H20 on land, sea and air
Translation by:luke croll
Dried water, artificial rivers, icebergs in the Thames or space agencies searching for artificial water are just a few of the methods used to fight the current water shortage
Freshwater represents 3% of the total water on Earth. 2% of this is frozen across the poles and the other 1% is spread out unequally across the planet. Factors such as drought, desertification, river pollution and agricultural overexploitation are worsening this problem in countries such as Spain, Libya and Israel as well as in the UK. Let’s examine some of the proposed solutions.
Libya boasts one of the most spectacular solutions to water shortages in the Mediterranean basin. There the Great Man Made River Project is underway. It consists of transporting 6 million cubic metres of water a day through more than 4000 kilometres of pipes. The water is taken from aquifers of drinking water 100 metres below the surface of the arid Libyan Desert, discovered whilst prospecting for gas and oil. The project aims to bring the freshwater ocean found in the desert (some 10,000 cubic kilometres of economically viable water) to the densely populated coastal areas of the country. The total cost of the project is estimated at 18 billion euros.
Icebergs in the Thames
No less spectacular is the solution proposed by the British company, Thames Water, to deal with the severe drought gripping the southeast of the country. Transporting water in tankers has been ruled out due to its high cost and because the system would not be able to reach the 13 million homes affected by drought. Therefore, towing icebergs from the Artic into the Thames Estuary was suggested. This idea has already been considered by countries such as Saudi Arabia with little success.
Desalinating the sea
Solutions arriving from Spain are not as spectacular, but they remain cutting edge. In Europe, Spain suffers most from drought and has tried various methods, from transporting excess river water to areas where there is none, to building desalination plants to make seawater drinkable. The most innovative proposal consists of desalination plants where natural pressure might put an end to the main production obstacle – the high cost of desalinating water. The process is simple. Water is taken from the sea to areas in the mountains at some 600 metres above sea level. The water is then allowed to pass through tubes and the pressure does the rest. 45% of the water becomes fresh water and the rest returns to the sea at the same pressure that it left it. Thus, electricity is produced and the freshwater is essentially cost-free.
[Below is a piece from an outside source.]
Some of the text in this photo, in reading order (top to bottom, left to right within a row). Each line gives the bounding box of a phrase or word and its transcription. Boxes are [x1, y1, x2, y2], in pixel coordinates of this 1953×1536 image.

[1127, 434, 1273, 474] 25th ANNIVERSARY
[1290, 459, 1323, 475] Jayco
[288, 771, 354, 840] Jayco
Solutions come in all shapes and sizes depending on the needs. Already, dried water is being commercialized. This product originates from the need to cover the basic water supplies of US troops in the most extreme conditions. Its processes are quite simple. All you have to do is tip some drops of water onto a compound of oxygen and hydrogen molecules kept under pressure until separated, and when they join again, they are suitable for human consumption.
Another method already being commercialized consists of generating drinking water from the air. It is estimated that there are some 14 billion cubic metres of water suspended in the air, and that certain household machines can produce 38 litres of water a day by extracting them from the air.
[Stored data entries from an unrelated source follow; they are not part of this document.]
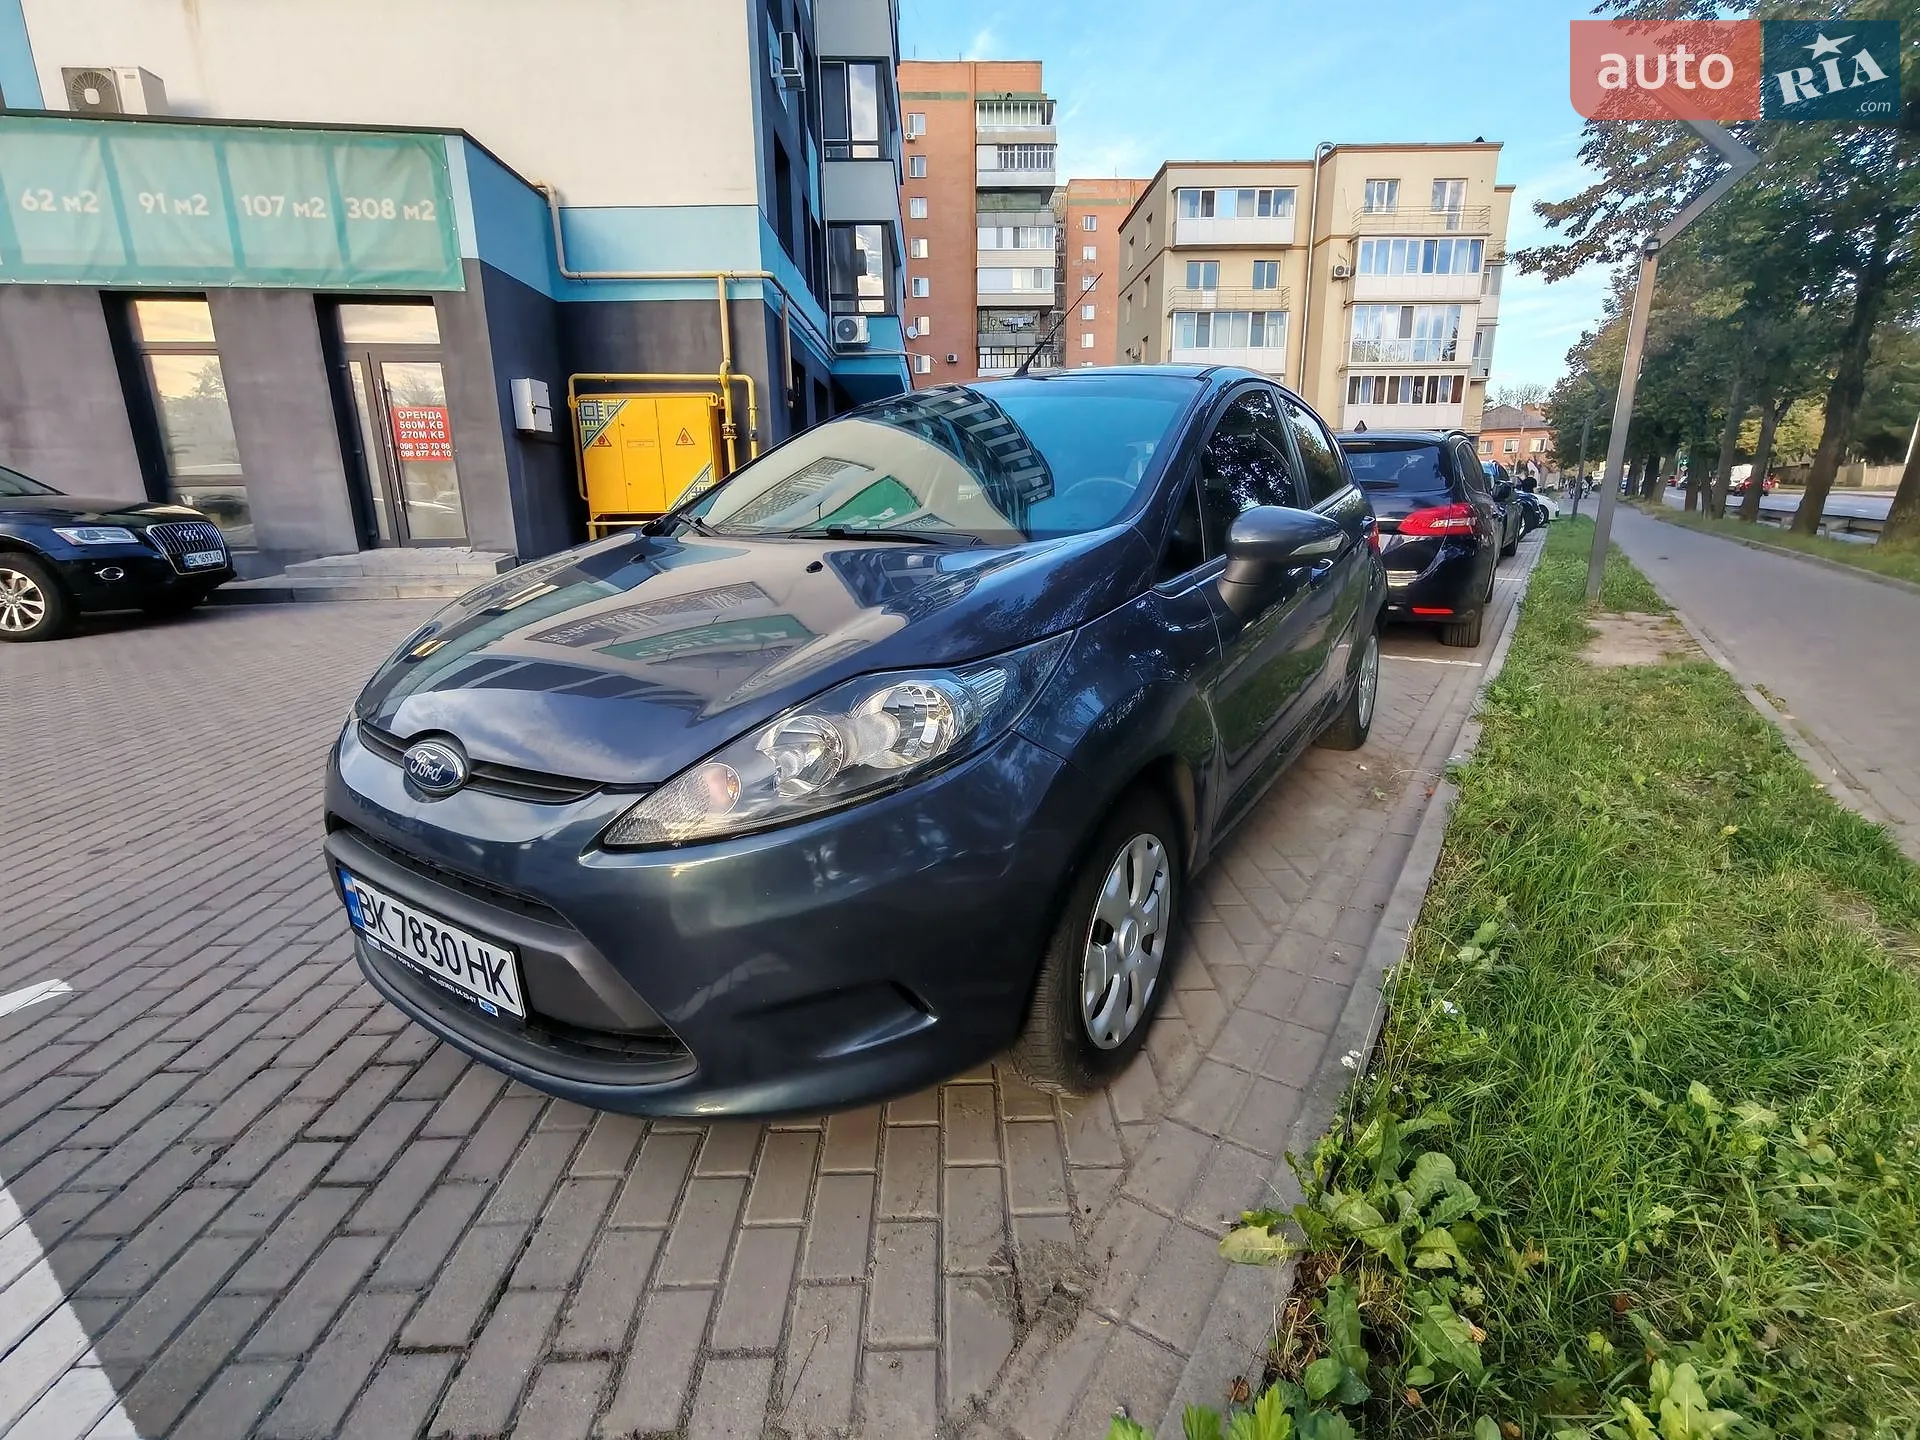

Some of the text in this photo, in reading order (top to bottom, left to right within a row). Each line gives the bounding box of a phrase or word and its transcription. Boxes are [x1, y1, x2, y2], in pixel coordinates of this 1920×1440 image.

[20, 188, 57, 212] 62
[138, 192, 167, 215] 91
[240, 194, 286, 218] 107
[344, 197, 396, 220] 308
[398, 411, 442, 421] ОРЕНДА
[401, 430, 446, 440] 270М.КВ
[410, 749, 446, 782] Ford
[354, 884, 396, 943] BK
[391, 908, 462, 976] 7830
[462, 940, 516, 1005] HK
Sunlight and artificial rain
Other initiatives include obtaining water from the sun’s rays. This means creating artificial rain from the absorption of heat generated by the rays. Scientists from the Free University of Brussels, working with NASA and Ben Gurion University in Israel have designed a system of dark irons to absorb the sun’s rays, using them to generate artificial clouds and rain that is particularly useful for areas in grave danger of desertification.